John Garfield (1913–1952), son of Russian-Jewish immigrants, was born Jacob Julius Garfinkle on the Lower East Side of New York City. He started working for the left-wing Group Theater (where he'd establish a lasting friendship with playwright Clifford Odets) before gaining a contract with Warner Bros in 1938. "I came to Hollywood fully expecting to hate it and with myself all set for the kick in the pants that I felt sure I would get", Garfield said in 1939. He got kicked, first by Jack Warner, when he was sent to J.W.'s huge art deco office. With a Cuban cigar hanging out of his mouth, Warner did a silly soft shoe for Garfield before vigorously clasping his hand.
"I suppose it was a fifty-fifty chance then which I would achieve -Sing Sing or Hollywood", Garfield once boasted. "He wasn't that tough. He was a really nice kid. He was a sad kid. A loner", recalled classmate Michael J. Coppola. All of his close friends always called Garfield "Julie".
His subdued acting style and expressive eyes turned him into a noir icon who merged romantic gloom and sensuality in his doomed, ingenuous persona.
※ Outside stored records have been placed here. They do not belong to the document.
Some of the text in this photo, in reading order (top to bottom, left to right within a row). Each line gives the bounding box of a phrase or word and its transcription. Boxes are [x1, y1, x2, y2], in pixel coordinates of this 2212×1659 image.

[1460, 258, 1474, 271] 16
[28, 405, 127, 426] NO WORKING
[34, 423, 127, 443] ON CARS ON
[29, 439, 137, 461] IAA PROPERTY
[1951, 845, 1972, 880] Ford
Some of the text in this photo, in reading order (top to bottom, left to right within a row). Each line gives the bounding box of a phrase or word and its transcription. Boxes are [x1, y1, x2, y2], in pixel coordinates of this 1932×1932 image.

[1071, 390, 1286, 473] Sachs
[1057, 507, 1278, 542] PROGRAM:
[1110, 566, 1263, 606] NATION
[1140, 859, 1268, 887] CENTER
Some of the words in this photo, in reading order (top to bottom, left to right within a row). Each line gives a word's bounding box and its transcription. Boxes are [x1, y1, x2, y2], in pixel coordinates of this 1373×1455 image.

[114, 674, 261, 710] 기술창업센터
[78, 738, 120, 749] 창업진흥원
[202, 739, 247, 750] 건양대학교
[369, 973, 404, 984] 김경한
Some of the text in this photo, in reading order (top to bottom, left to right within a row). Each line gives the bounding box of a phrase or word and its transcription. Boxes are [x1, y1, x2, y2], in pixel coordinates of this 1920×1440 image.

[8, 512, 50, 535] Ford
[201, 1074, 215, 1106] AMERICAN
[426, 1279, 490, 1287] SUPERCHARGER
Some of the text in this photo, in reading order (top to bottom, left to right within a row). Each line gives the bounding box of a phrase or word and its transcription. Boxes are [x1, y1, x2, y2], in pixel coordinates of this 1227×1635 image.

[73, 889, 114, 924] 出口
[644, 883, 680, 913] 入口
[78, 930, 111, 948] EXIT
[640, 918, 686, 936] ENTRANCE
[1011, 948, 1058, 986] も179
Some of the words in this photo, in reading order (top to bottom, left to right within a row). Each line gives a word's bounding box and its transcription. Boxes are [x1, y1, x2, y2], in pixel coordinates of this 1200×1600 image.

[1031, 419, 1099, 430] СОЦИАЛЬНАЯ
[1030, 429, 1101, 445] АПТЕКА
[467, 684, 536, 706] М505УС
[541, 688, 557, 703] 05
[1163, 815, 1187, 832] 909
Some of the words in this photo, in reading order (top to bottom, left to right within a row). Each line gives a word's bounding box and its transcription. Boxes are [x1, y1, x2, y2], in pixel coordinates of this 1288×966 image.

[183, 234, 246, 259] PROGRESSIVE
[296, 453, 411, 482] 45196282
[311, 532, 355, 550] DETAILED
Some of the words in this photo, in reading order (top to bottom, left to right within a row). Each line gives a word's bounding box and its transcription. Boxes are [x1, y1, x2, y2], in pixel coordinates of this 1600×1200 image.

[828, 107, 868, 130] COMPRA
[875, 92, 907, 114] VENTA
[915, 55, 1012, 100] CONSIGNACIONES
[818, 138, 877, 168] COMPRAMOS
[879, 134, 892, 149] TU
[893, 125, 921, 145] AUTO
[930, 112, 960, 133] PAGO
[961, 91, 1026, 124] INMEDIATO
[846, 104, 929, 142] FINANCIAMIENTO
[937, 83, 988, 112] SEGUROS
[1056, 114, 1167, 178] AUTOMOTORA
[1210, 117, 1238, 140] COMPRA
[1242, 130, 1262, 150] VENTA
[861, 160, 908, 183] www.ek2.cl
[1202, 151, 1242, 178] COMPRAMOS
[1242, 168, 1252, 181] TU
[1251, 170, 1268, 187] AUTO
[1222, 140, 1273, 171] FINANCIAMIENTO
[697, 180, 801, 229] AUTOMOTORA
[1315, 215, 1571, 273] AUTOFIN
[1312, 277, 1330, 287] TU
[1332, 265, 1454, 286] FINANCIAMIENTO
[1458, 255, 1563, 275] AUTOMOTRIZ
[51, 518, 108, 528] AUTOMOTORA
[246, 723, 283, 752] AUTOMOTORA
Robert Sklar described Humphrey Bogart and John Garfield as the major “city boy” actors of the Golden era.
Garfield played falsely accused outsiders in They Made Me a Criminal (1939) and Dust Be My Destiny (1939), callous gangsters in Castle on the Hudson (1940), East of the River (1940), and Out of the Fog (1941), and emotionally scarred veterans in The Fallen Sparrow (1943) and Nobody Lives Forever (1946).
His most celebrated role was Frank Chambers, the drifter in classic noir The Postman Always Rings Twice (1946), who embodied the root-less hobo during the Depression, impulsed by his attraction to Cora (Lana Turner) into murdering her new-American husband. As Mark T. Conrad wrote of Tay Garnett's film adaptation of James M. Cain's novel: “It has the feeling of disorientation, pessimism, and the rejection of traditional ideas about morality”.
Other important films in which Garfield starred: The Sea Wolf, Tortilla Flat, Destination Tokyo, Humoresque, Pride of the Marines, and Gentleman's Agreement.
John Garfield was the first "rebel" actor in film history, opening the door for all the other cinematic anti-heroes: Montgomery Clift, Marlon Brando, James Dean, Steve McQueen, Paul Newman, Robert De Niro, etc. Garfield's more obscure name must be rescued for the next generation's cinephiles and screenagers.
In They Made Me a Criminal (1939) directed by Busby Berkeley, Garfield plays champion boxer Johnny Bradfield. His manager kills an inquiring reporter while Johnny is in a drunken stupor and frames Johnny for the murder, so the prizefighter has to take refuge on a farm. There he meets Peggy (played by Gloria Dickson, who allegedly had an affair with Garfield) and the Dead End Kids. Garfield would be linked romantically to a few more of his co-stars (Frances Farmer, Hedy Lamarr, Joan Crawford... although only Lana Turner's affair is expressly confirmed).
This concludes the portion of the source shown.